-- Opening Marker --

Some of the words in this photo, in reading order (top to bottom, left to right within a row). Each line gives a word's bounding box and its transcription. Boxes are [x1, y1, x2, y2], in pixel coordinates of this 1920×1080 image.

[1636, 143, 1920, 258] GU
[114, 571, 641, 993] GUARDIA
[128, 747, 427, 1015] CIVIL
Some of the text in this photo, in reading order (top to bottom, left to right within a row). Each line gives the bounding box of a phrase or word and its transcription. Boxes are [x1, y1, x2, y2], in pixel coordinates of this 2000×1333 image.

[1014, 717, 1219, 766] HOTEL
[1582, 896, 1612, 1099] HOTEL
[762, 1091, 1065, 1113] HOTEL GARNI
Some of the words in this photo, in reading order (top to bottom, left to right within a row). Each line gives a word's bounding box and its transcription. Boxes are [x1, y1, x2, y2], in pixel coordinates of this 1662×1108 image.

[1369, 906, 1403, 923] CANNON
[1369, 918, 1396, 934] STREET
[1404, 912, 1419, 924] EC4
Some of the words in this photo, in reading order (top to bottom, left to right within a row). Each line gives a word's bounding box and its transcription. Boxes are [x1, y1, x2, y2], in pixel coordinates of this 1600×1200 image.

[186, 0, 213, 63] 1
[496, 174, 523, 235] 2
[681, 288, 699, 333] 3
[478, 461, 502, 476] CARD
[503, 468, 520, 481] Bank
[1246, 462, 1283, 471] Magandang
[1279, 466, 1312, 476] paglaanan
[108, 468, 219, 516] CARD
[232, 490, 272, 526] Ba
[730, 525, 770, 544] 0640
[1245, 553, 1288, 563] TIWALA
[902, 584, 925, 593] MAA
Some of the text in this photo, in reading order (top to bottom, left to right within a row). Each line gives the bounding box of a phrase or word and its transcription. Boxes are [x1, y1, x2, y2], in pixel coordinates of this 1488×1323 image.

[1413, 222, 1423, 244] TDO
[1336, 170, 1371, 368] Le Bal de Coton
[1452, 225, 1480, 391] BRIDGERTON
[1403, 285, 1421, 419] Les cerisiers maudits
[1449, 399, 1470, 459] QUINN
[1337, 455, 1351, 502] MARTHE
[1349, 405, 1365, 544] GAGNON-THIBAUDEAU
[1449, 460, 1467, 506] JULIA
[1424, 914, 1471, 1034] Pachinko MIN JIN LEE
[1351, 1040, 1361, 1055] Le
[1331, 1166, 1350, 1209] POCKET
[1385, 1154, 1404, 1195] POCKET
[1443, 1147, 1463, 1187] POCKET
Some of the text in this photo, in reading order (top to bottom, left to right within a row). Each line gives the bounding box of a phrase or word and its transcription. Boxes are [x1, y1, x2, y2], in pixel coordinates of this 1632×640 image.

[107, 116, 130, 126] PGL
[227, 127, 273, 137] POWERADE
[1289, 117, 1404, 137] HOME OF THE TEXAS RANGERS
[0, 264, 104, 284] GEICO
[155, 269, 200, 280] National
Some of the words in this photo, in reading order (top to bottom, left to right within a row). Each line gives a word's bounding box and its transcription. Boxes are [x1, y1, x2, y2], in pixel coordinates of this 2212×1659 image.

-- Closing Marker --

Write out each line of the data above again, exactly as given.

Some of the words in this photo, in reading order (top to bottom, left to right within a row). Each line gives a word's bounding box and its transcription. Boxes are [x1, y1, x2, y2], in pixel coordinates of this 1920×1080 image.

[1636, 143, 1920, 258] GU
[114, 571, 641, 993] GUARDIA
[128, 747, 427, 1015] CIVIL
Some of the text in this photo, in reading order (top to bottom, left to right within a row). Each line gives the bounding box of a phrase or word and its transcription. Boxes are [x1, y1, x2, y2], in pixel coordinates of this 2000×1333 image.

[1014, 717, 1219, 766] HOTEL
[1582, 896, 1612, 1099] HOTEL
[762, 1091, 1065, 1113] HOTEL GARNI
Some of the words in this photo, in reading order (top to bottom, left to right within a row). Each line gives a word's bounding box and its transcription. Boxes are [x1, y1, x2, y2], in pixel coordinates of this 1662×1108 image.

[1369, 906, 1403, 923] CANNON
[1369, 918, 1396, 934] STREET
[1404, 912, 1419, 924] EC4
Some of the words in this photo, in reading order (top to bottom, left to right within a row). Each line gives a word's bounding box and its transcription. Boxes are [x1, y1, x2, y2], in pixel coordinates of this 1600×1200 image.

[186, 0, 213, 63] 1
[496, 174, 523, 235] 2
[681, 288, 699, 333] 3
[478, 461, 502, 476] CARD
[503, 468, 520, 481] Bank
[1246, 462, 1283, 471] Magandang
[1279, 466, 1312, 476] paglaanan
[108, 468, 219, 516] CARD
[232, 490, 272, 526] Ba
[730, 525, 770, 544] 0640
[1245, 553, 1288, 563] TIWALA
[902, 584, 925, 593] MAA
Some of the text in this photo, in reading order (top to bottom, left to right within a row). Each line gives the bounding box of a phrase or word and its transcription. Boxes are [x1, y1, x2, y2], in pixel coordinates of this 1488×1323 image.

[1413, 222, 1423, 244] TDO
[1336, 170, 1371, 368] Le Bal de Coton
[1452, 225, 1480, 391] BRIDGERTON
[1403, 285, 1421, 419] Les cerisiers maudits
[1449, 399, 1470, 459] QUINN
[1337, 455, 1351, 502] MARTHE
[1349, 405, 1365, 544] GAGNON-THIBAUDEAU
[1449, 460, 1467, 506] JULIA
[1424, 914, 1471, 1034] Pachinko MIN JIN LEE
[1351, 1040, 1361, 1055] Le
[1331, 1166, 1350, 1209] POCKET
[1385, 1154, 1404, 1195] POCKET
[1443, 1147, 1463, 1187] POCKET
Some of the text in this photo, in reading order (top to bottom, left to right within a row). Each line gives the bounding box of a phrase or word and its transcription. Boxes are [x1, y1, x2, y2], in pixel coordinates of this 1632×640 image.

[107, 116, 130, 126] PGL
[227, 127, 273, 137] POWERADE
[1289, 117, 1404, 137] HOME OF THE TEXAS RANGERS
[0, 264, 104, 284] GEICO
[155, 269, 200, 280] National
Some of the words in this photo, in reading order (top to bottom, left to right within a row). Each line gives a word's bounding box and its transcription. Boxes are [x1, y1, x2, y2], in pixel coordinates of this 2212×1659 image.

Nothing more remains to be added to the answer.